The Pennsylvania grand jury report follows the recent resignation of Cardinal Theodore E. McCarrick, a former archbishop of Washington, who was accused of sexually abusing children and adult seminarians for many decades. The McCarrick saga also raises questions about the possible cover-up complicity of Francis and Cardinal Sean P. O’Malley, the archbishop of Boston and head of the Pontifical Academy for the Protection of Minors.
Another archbishop, Carlo Maria Vigano, wrote a letter which contends that Francis and others in the church hierarchy knew about serial sexual misconduct by McCarrick — and continued to protect him. The pope has declined to respond to Vigano’s accusation, and his defenders cast Vigano as a right-wing ideological foe who wants to bring down a liberal pope. That may indeed be true. But it doesn’t mean Vigano’s allegations are false.
Knowing the Globe editorial board was taking up this topic, O’Malley got on the phone Thursday to defend the church’s response to the long-unfolding saga of clergy sexual abuse. He said progress has been made but acknowledged more could be done.
As for Vigano, O’Malley said, “He raises a lot of questions. Were there sanctions placed (on McCarrick)? Were they ever observed or enforced? Were they removed by Pope Francis?”
But O’Malley also questions why Vigano did not pass on his concerns to the US Bishops Conference. “It certainly is very disturbing. I’m hoping as time goes on, we will have more answers,” he added.
Asked if the pope should be more forthcoming in his response to the Vigano letter, O’Malley said, “I think he will be.”
O’Malley agreed the church alone can’t handle all of its sexual abuse allegations, and that’s why the church has adopted “a firm commitment to reporting to civil authorities.” O’Malley acknowledged that the “missing pieces” were the bishops and expects the Bishops Conference to take up the issue of their own accountability in November.
He also repeated his assertion that he never saw a letter sent in 2015 by a priest who tried to warn him about McCarrick’s behavior with seminarians. According to O’Malley, the missive was opened by his chief secretary, the Rev. Robert Kickham, who never told him about it. He said he only learned of the allegations against McCarrick recently, from the media. In response, Vigano said O’Malley’s statements “are disconcerting and have totally obscured his transparency and credibility.” However, O’Malley said he stands by them.
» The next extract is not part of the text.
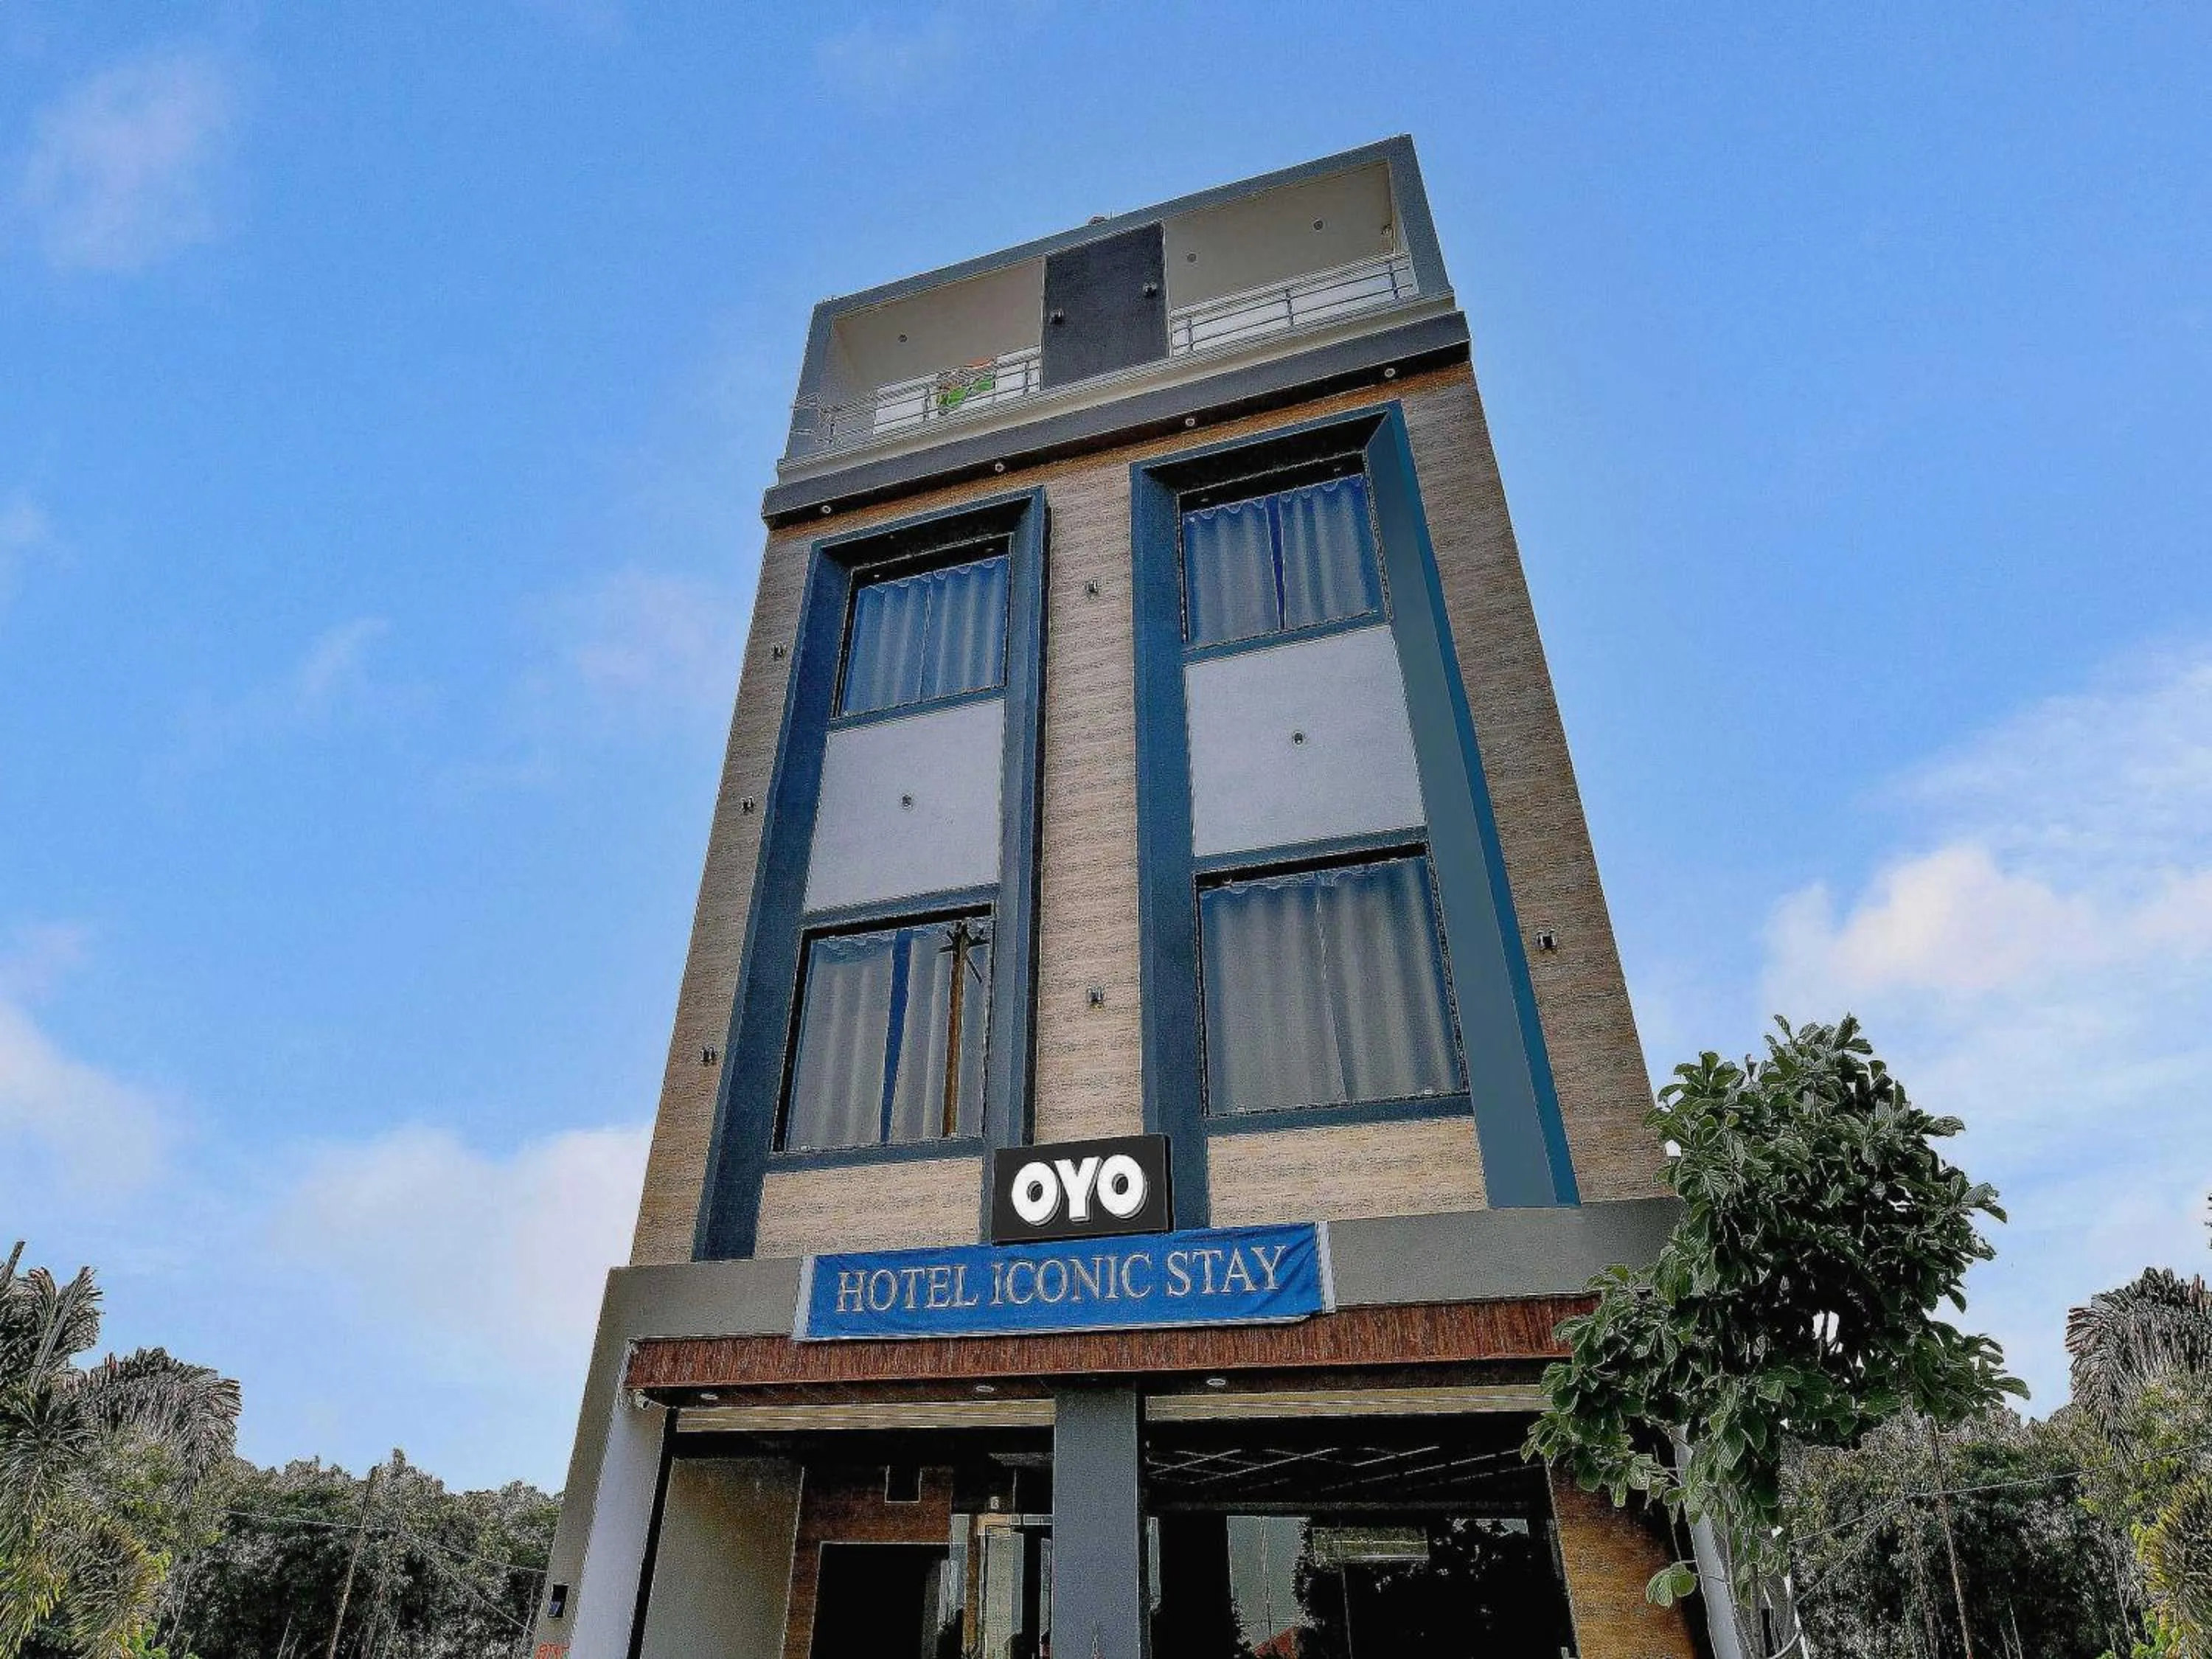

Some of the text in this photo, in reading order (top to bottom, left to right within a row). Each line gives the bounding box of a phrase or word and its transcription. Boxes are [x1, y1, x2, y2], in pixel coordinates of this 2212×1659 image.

[1011, 1153, 1148, 1226] OYO
[835, 1245, 1286, 1313] HOTEL ICONIC STAY
Some have called for Francis and O’Malley to resign in the wake of the McCarrick-related revelations. But how will their resignations do anything to change church culture when it comes to predator priests? If anything, it could turn back the clock to darker times, when victims were ignored and disbelieved and problem priests were shuffled around and left free to prey on new victims.
Even under the supposed enlightened regime of Francis, self-policing hasn’t worked. The pressure must come from law enforcement officers and lawmakers who are prepared to treat predator priests and their protectors as criminals. If they are convicted, lock them up.